» Exercise prompt
One exact copy of the listing, minus the images, is the required answer.

BEGIN Data records

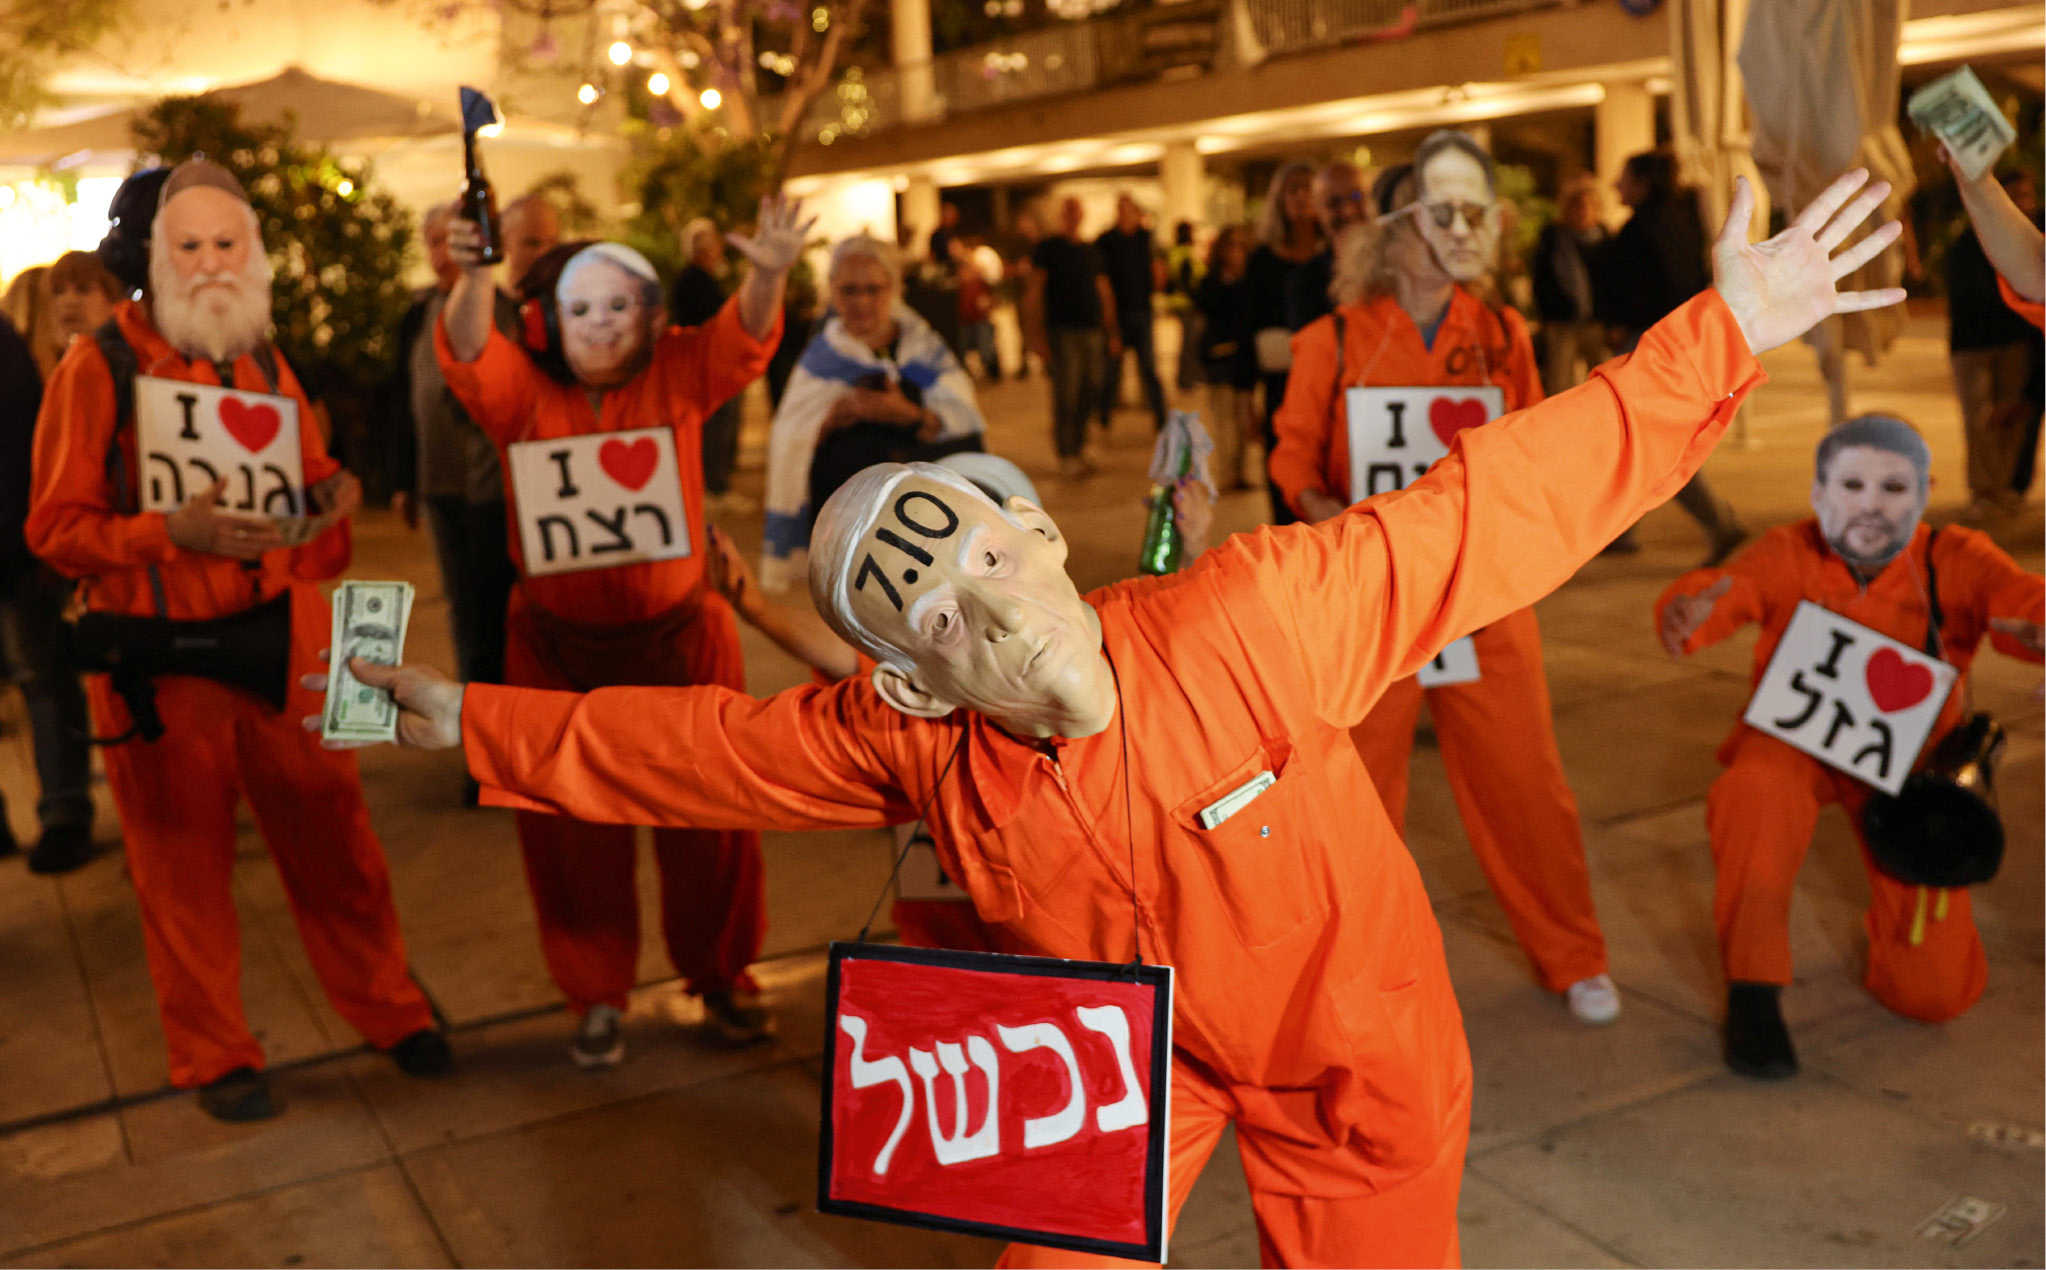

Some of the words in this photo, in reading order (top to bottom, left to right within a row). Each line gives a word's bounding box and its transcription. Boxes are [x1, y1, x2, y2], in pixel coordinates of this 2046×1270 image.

[176, 393, 200, 440] I
[1386, 401, 1406, 449] I
[549, 450, 580, 498] I
[537, 504, 673, 561] רצח
[855, 491, 959, 612] 7.10
[1814, 629, 1855, 679] I
[1773, 669, 1894, 778] גזל
[840, 1005, 1148, 1175] נכשל
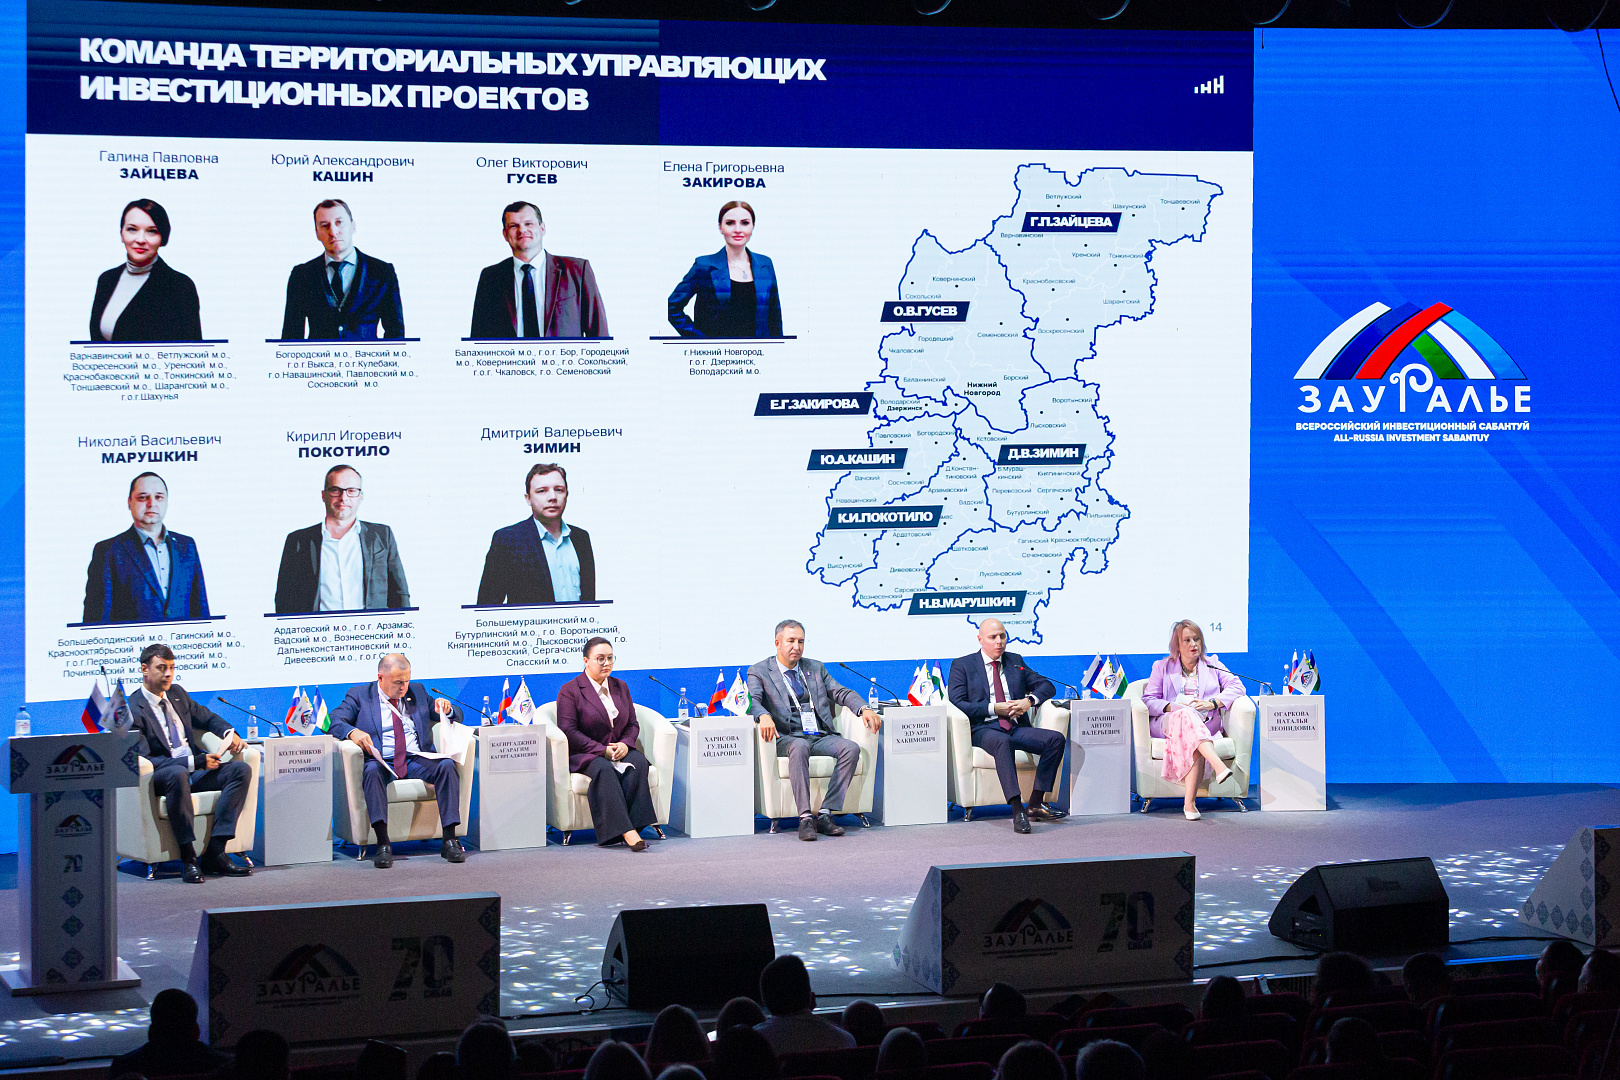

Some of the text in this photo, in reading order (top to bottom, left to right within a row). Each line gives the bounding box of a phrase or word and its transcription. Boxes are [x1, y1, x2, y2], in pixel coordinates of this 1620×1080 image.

[79, 38, 828, 84] КОМАНДА ТЕРРИТОРИАЛЬНЫХ УПРАВЛЯЮЩИХ
[79, 75, 590, 111] ИНВЕСТИЦИОННЫХ ПРОЕКТОВ
[100, 151, 218, 163] Галина Павловна
[272, 154, 414, 167] Юрий Александрович
[476, 157, 587, 170] Олег Викторович
[664, 161, 784, 174] Елена Григорьевна
[120, 166, 199, 180] ЗАЙЦЕВА
[313, 171, 373, 182] КАШИН
[507, 174, 557, 184] ГУСЕВ
[683, 177, 766, 188] ЗАКИРОВА
[1029, 215, 1113, 228] Г.П.ЗАЙЦЕВА
[892, 305, 958, 317] О.В.ГУСЕВ
[70, 351, 209, 360] Варнавинский Ветлужский
[276, 350, 330, 359] Богородский
[561, 349, 578, 357] Бор,
[581, 348, 629, 356] Городецкий
[72, 362, 138, 370] Воскресенский
[477, 358, 535, 366] Ковернинский
[711, 358, 755, 366] Дзержинск,
[63, 373, 139, 381] Краснобаковский
[556, 367, 611, 375] Семеновский
[690, 368, 743, 376] Володарский
[71, 382, 207, 391] Тоншаевский Шарангский
[308, 380, 358, 388] Сосновский
[1297, 363, 1531, 413] ЗАУРАЛЬЕ
[769, 398, 861, 410] Е.Г.ЗАКИРОВА
[1296, 420, 1530, 432] ВСЕРОССИЙСКИЙ ИНВЕСТИЦИОННЫЙ САБАНТУЙ
[287, 430, 401, 442] Кирилл Игоревич
[481, 427, 622, 441] Дмитрий Валерьевич
[1334, 433, 1489, 442] ALL-RUSSIA INVESTMENT SABANTUY
[79, 435, 221, 447] Николай Васильевич
[299, 445, 390, 458] ПОКОТИЛО
[524, 443, 580, 453] ЗИМИН
[1007, 448, 1079, 460] Д.В.ЗИМИН
[102, 451, 197, 463] МАРУШКИН
[820, 454, 896, 465] Ю.А.КАШИН
[837, 511, 934, 523] К.И.ПОКОТИЛО
[918, 596, 1017, 609] Н.В.МАРУШКИН
[476, 618, 578, 627] Большемурашкинский
[1210, 622, 1222, 631] 14
[274, 625, 330, 635] Ардатовский
[456, 626, 620, 640] Бутурлинский Воротынский,
[58, 635, 145, 647] Большеболдинский
[274, 632, 393, 645] Вадский Вознесенский
[448, 637, 590, 650] Княгининский Лысковский
[48, 646, 135, 658] Краснооктябрьский
[276, 642, 390, 655] Дальнеконстантиновский
[468, 648, 529, 657] Перевозский,
[284, 655, 335, 665] Дивеевский
[507, 658, 549, 666] Спасский
[279, 749, 321, 757] КОЛЕСНИКОВ
[702, 750, 742, 758] АЙДАРОВНА
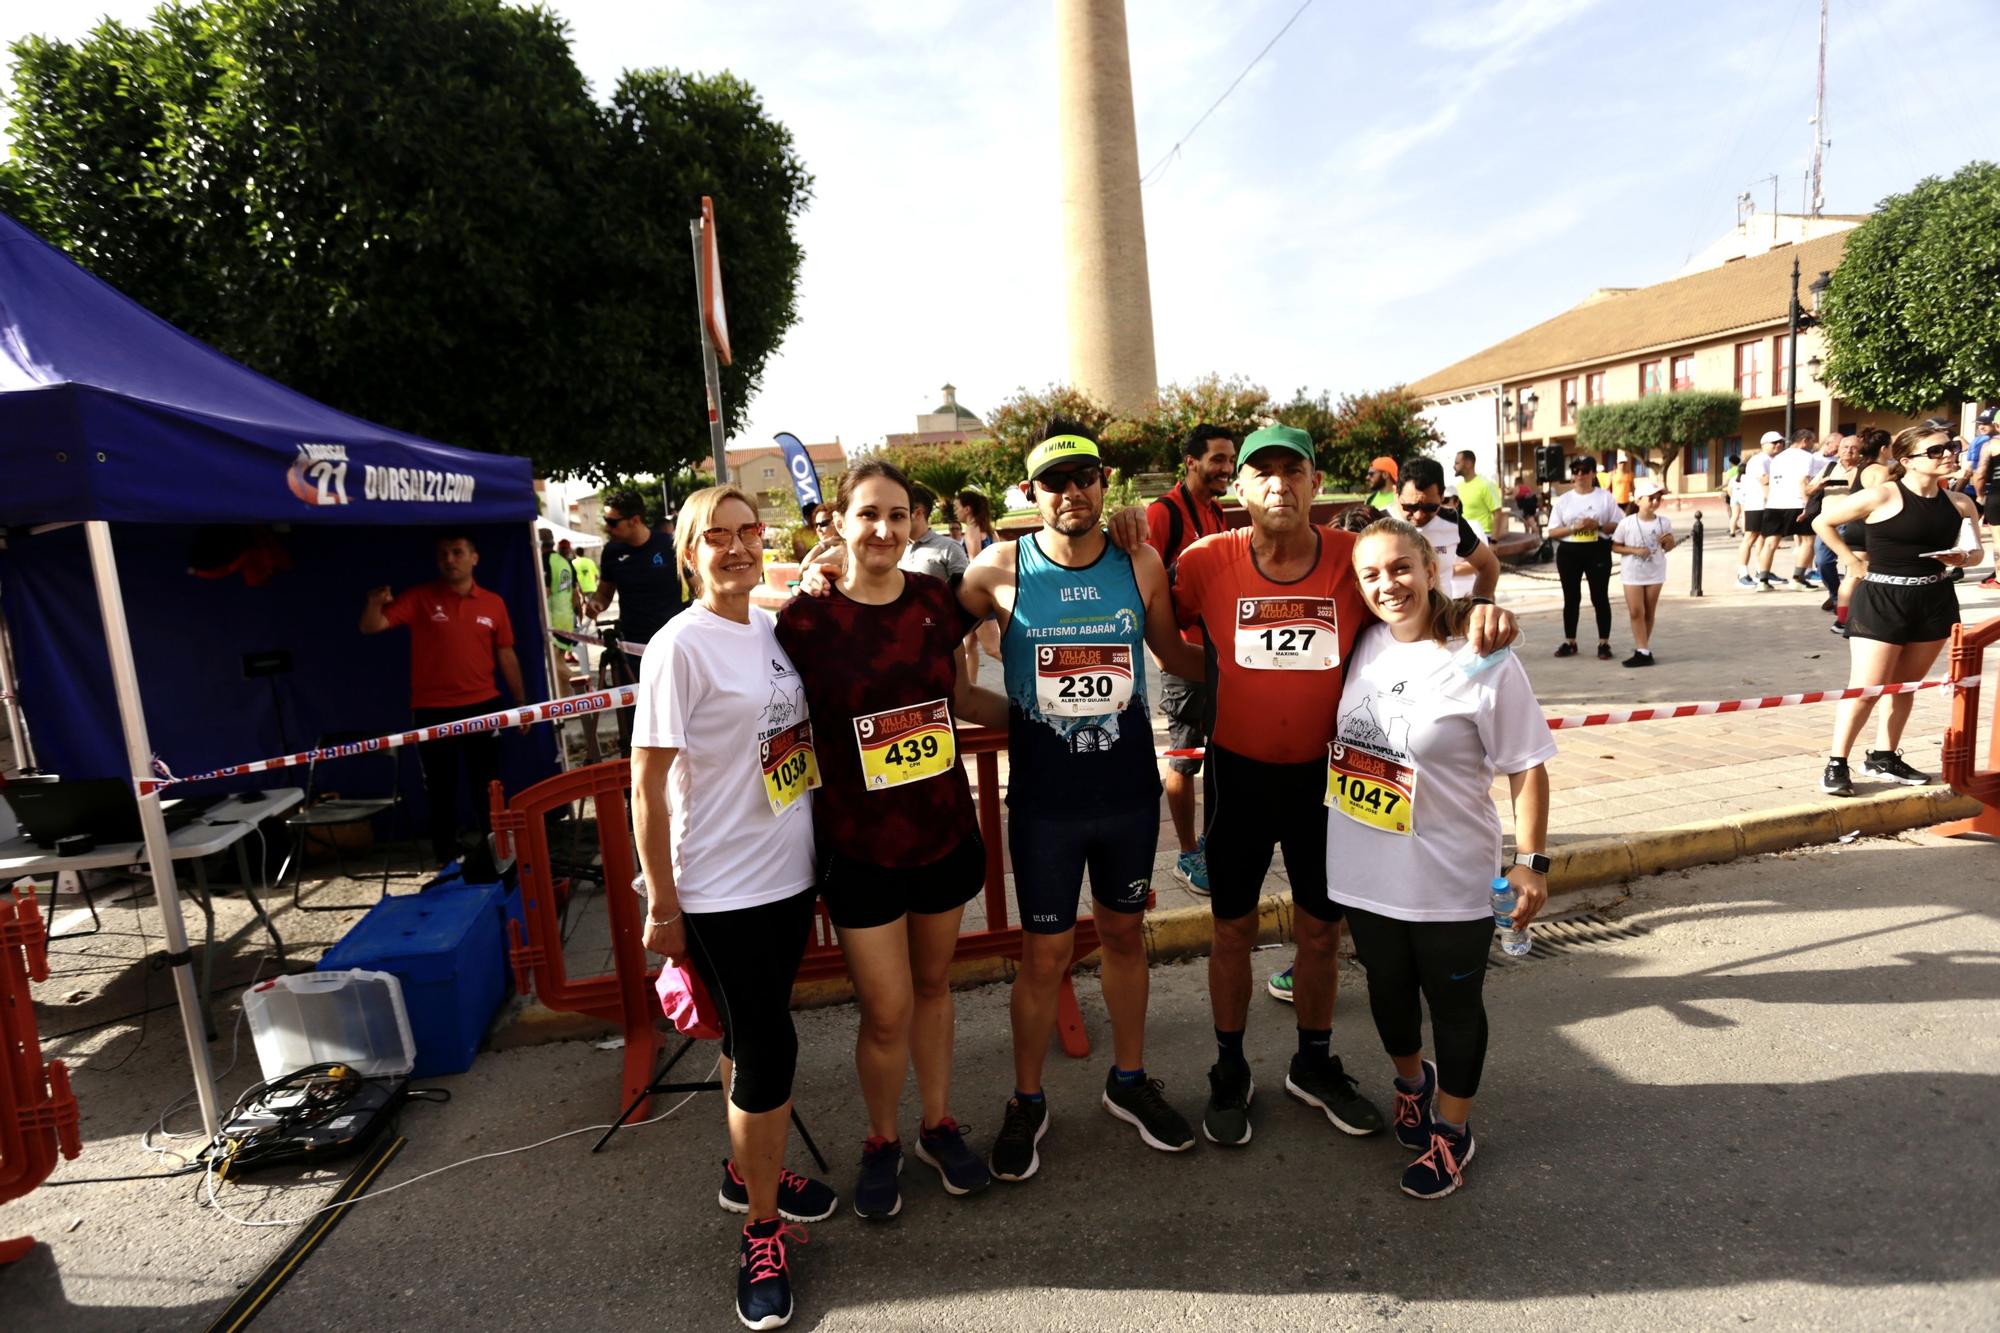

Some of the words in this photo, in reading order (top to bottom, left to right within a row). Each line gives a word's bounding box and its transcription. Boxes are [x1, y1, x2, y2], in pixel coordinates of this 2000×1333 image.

[310, 462, 349, 506] 21
[364, 465, 475, 503] DORSAL21.COM
[1868, 573, 1906, 585] NIKE
[1906, 575, 1938, 586] PRO
[1260, 604, 1288, 612] VILLA
[1291, 603, 1305, 612] DE
[1260, 611, 1305, 619] ALGUAZAS
[1026, 626, 1077, 638] ATLETISMO
[1079, 622, 1116, 634] ABARÁN
[1260, 629, 1317, 651] 127
[1059, 650, 1087, 659] VILLA
[1088, 650, 1101, 658] DE
[1058, 675, 1113, 698] 230
[550, 697, 605, 716] FAMU
[438, 716, 500, 737] FAMU
[879, 714, 908, 728] VILLA
[909, 710, 922, 721] DE
[884, 735, 939, 766] 439
[1372, 744, 1407, 759] POPULAR
[772, 752, 807, 791] 1038
[1337, 774, 1401, 815] 1047

END Data records

» Solution to this task
Some of the words in this photo, in reading order (top to bottom, left to right within a row). Each line gives a word's bounding box and its transcription. Boxes are [x1, y1, x2, y2], in pixel coordinates of this 2046×1270 image.

[176, 393, 200, 440] I
[1386, 401, 1406, 449] I
[549, 450, 580, 498] I
[537, 504, 673, 561] רצח
[855, 491, 959, 612] 7.10
[1814, 629, 1855, 679] I
[1773, 669, 1894, 778] גזל
[840, 1005, 1148, 1175] נכשל

Some of the text in this photo, in reading order (top to bottom, left to right within a row). Each line gives the bounding box of a phrase or word and its transcription. Boxes are [x1, y1, x2, y2], in pixel coordinates of this 1620×1080 image.

[79, 38, 828, 84] КОМАНДА ТЕРРИТОРИАЛЬНЫХ УПРАВЛЯЮЩИХ
[79, 75, 590, 111] ИНВЕСТИЦИОННЫХ ПРОЕКТОВ
[100, 151, 218, 163] Галина Павловна
[272, 154, 414, 167] Юрий Александрович
[476, 157, 587, 170] Олег Викторович
[664, 161, 784, 174] Елена Григорьевна
[120, 166, 199, 180] ЗАЙЦЕВА
[313, 171, 373, 182] КАШИН
[507, 174, 557, 184] ГУСЕВ
[683, 177, 766, 188] ЗАКИРОВА
[1029, 215, 1113, 228] Г.П.ЗАЙЦЕВА
[892, 305, 958, 317] О.В.ГУСЕВ
[70, 351, 209, 360] Варнавинский Ветлужский
[276, 350, 330, 359] Богородский
[561, 349, 578, 357] Бор,
[581, 348, 629, 356] Городецкий
[72, 362, 138, 370] Воскресенский
[477, 358, 535, 366] Ковернинский
[711, 358, 755, 366] Дзержинск,
[63, 373, 139, 381] Краснобаковский
[556, 367, 611, 375] Семеновский
[690, 368, 743, 376] Володарский
[71, 382, 207, 391] Тоншаевский Шарангский
[308, 380, 358, 388] Сосновский
[1297, 363, 1531, 413] ЗАУРАЛЬЕ
[769, 398, 861, 410] Е.Г.ЗАКИРОВА
[1296, 420, 1530, 432] ВСЕРОССИЙСКИЙ ИНВЕСТИЦИОННЫЙ САБАНТУЙ
[287, 430, 401, 442] Кирилл Игоревич
[481, 427, 622, 441] Дмитрий Валерьевич
[1334, 433, 1489, 442] ALL-RUSSIA INVESTMENT SABANTUY
[79, 435, 221, 447] Николай Васильевич
[299, 445, 390, 458] ПОКОТИЛО
[524, 443, 580, 453] ЗИМИН
[1007, 448, 1079, 460] Д.В.ЗИМИН
[102, 451, 197, 463] МАРУШКИН
[820, 454, 896, 465] Ю.А.КАШИН
[837, 511, 934, 523] К.И.ПОКОТИЛО
[918, 596, 1017, 609] Н.В.МАРУШКИН
[476, 618, 578, 627] Большемурашкинский
[1210, 622, 1222, 631] 14
[274, 625, 330, 635] Ардатовский
[456, 626, 620, 640] Бутурлинский Воротынский,
[58, 635, 145, 647] Большеболдинский
[274, 632, 393, 645] Вадский Вознесенский
[448, 637, 590, 650] Княгининский Лысковский
[48, 646, 135, 658] Краснооктябрьский
[276, 642, 390, 655] Дальнеконстантиновский
[468, 648, 529, 657] Перевозский,
[284, 655, 335, 665] Дивеевский
[507, 658, 549, 666] Спасский
[279, 749, 321, 757] КОЛЕСНИКОВ
[702, 750, 742, 758] АЙДАРОВНА

Some of the words in this photo, in reading order (top to bottom, left to right within a row). Each line gives a word's bounding box and its transcription. Boxes are [x1, y1, x2, y2], in pixel coordinates of this 2000×1333 image.

[310, 462, 349, 506] 21
[364, 465, 475, 503] DORSAL21.COM
[1868, 573, 1906, 585] NIKE
[1906, 575, 1938, 586] PRO
[1260, 604, 1288, 612] VILLA
[1291, 603, 1305, 612] DE
[1260, 611, 1305, 619] ALGUAZAS
[1026, 626, 1077, 638] ATLETISMO
[1079, 622, 1116, 634] ABARÁN
[1260, 629, 1317, 651] 127
[1059, 650, 1087, 659] VILLA
[1088, 650, 1101, 658] DE
[1058, 675, 1113, 698] 230
[550, 697, 605, 716] FAMU
[438, 716, 500, 737] FAMU
[879, 714, 908, 728] VILLA
[909, 710, 922, 721] DE
[884, 735, 939, 766] 439
[1372, 744, 1407, 759] POPULAR
[772, 752, 807, 791] 1038
[1337, 774, 1401, 815] 1047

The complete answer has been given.